■ **Instructions for the task**
Take the entries below and retype them word for word, excluding the images.

Stored data entries:
-=-=-
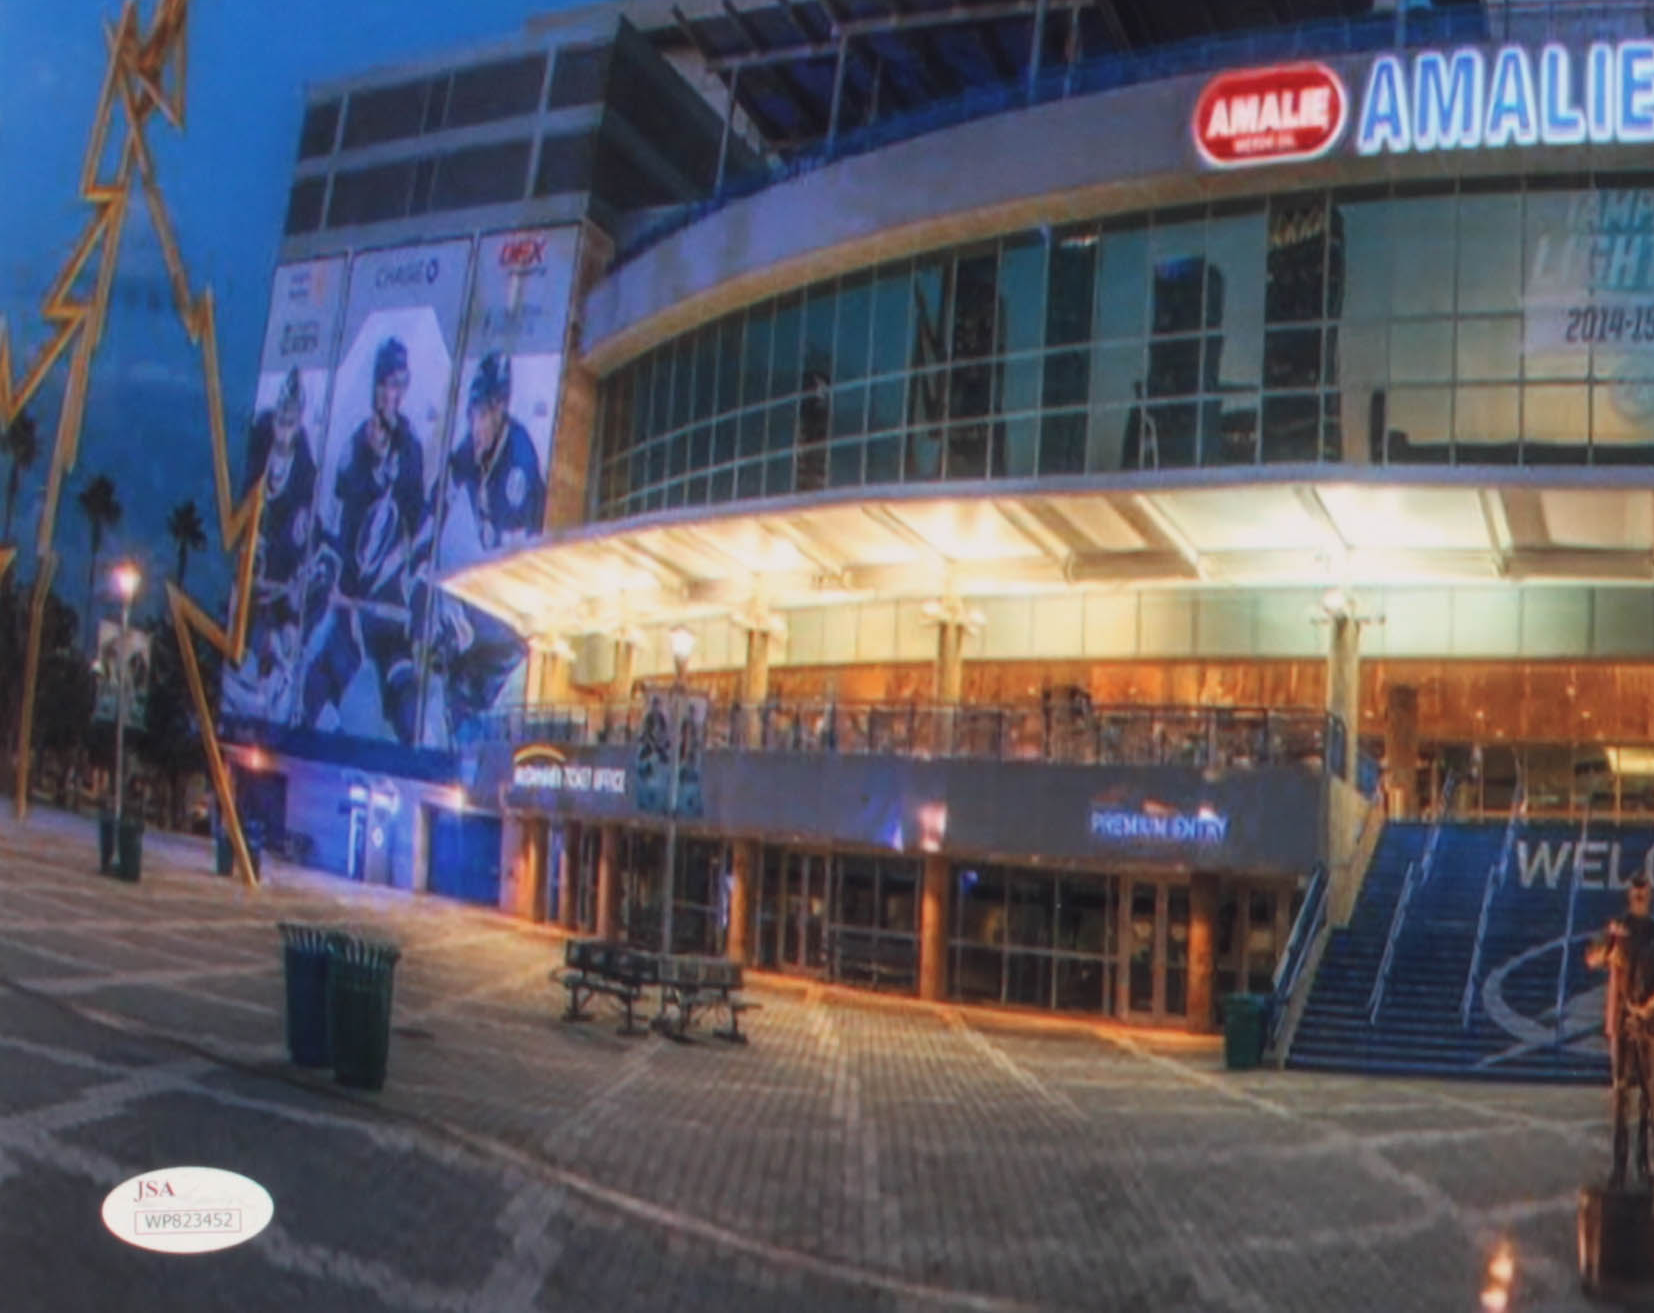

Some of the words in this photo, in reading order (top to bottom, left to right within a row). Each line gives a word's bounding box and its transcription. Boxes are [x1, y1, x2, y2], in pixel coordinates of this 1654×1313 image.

[1205, 85, 1331, 140] AMALIE
[133, 1179, 175, 1203] JSA
[144, 1212, 234, 1229] WP823452
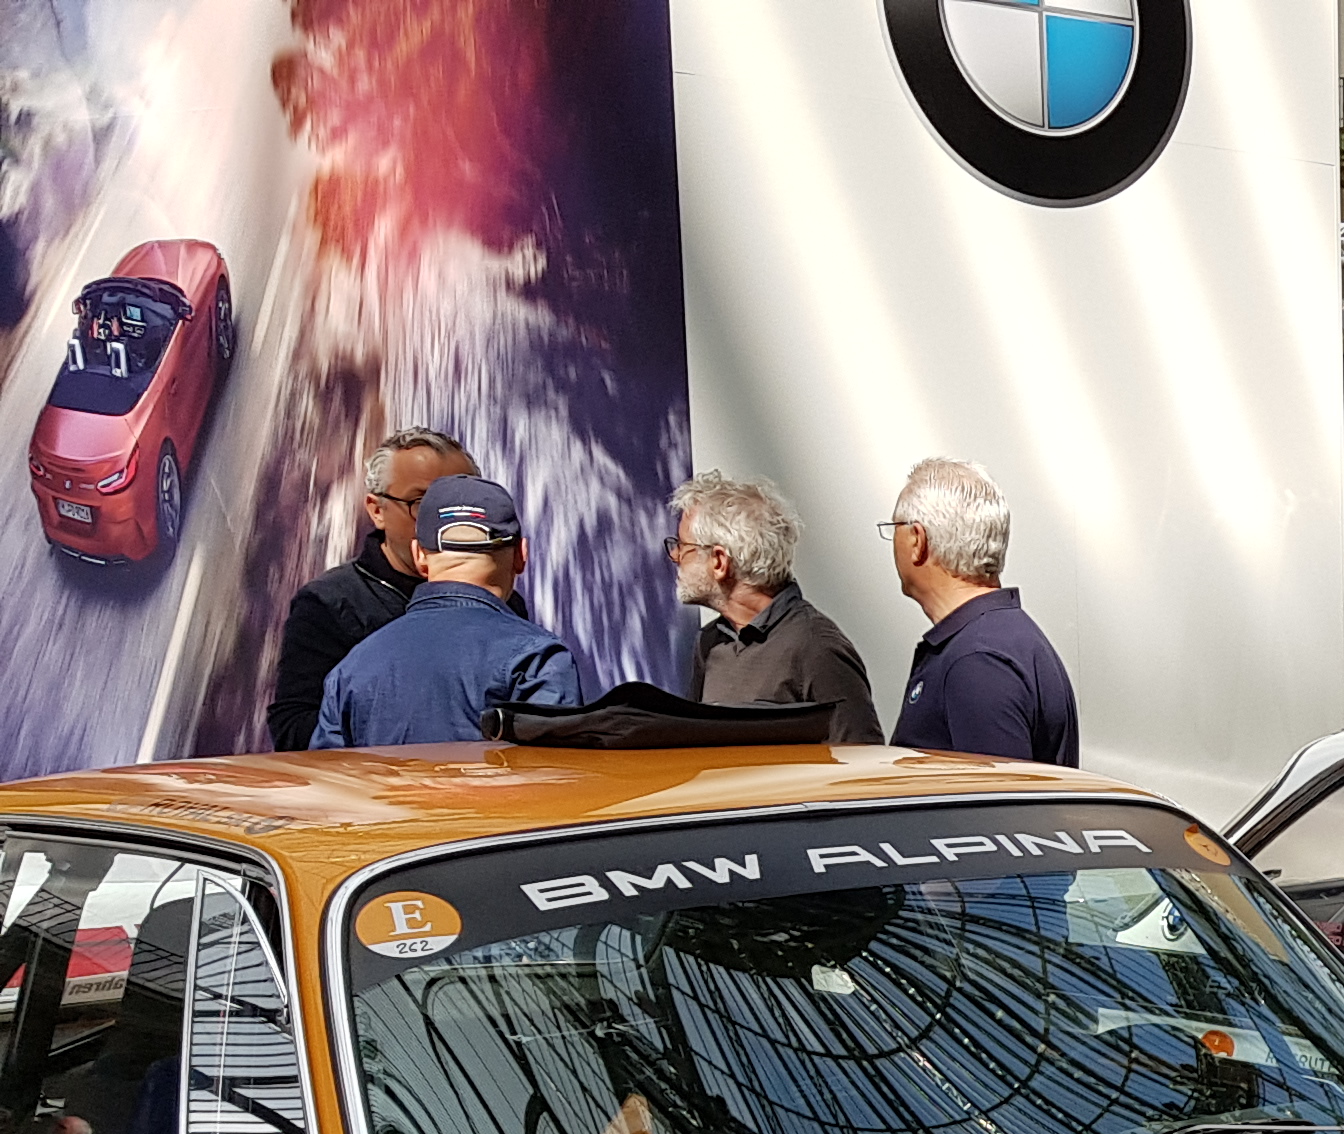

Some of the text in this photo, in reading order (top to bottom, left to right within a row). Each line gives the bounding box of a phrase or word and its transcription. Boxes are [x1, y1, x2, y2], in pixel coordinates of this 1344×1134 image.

[520, 829, 1152, 911] BMW ALPINA
[388, 901, 432, 935] E
[394, 940, 434, 956] 262
-=-=-
■ **Written response**
Some of the words in this photo, in reading order (top to bottom, left to right within a row). Each line gives a word's bounding box and its transcription. Boxes are [x1, y1, x2, y2], in pixel coordinates of this 1654×1313 image.

[1205, 85, 1331, 140] AMALIE
[133, 1179, 175, 1203] JSA
[144, 1212, 234, 1229] WP823452

Some of the text in this photo, in reading order (top to bottom, left to right within a row). Each line gives the bounding box of a phrase or word and its transcription. Boxes are [x1, y1, x2, y2], in pixel coordinates of this 1344×1134 image.

[520, 829, 1152, 911] BMW ALPINA
[388, 901, 432, 935] E
[394, 940, 434, 956] 262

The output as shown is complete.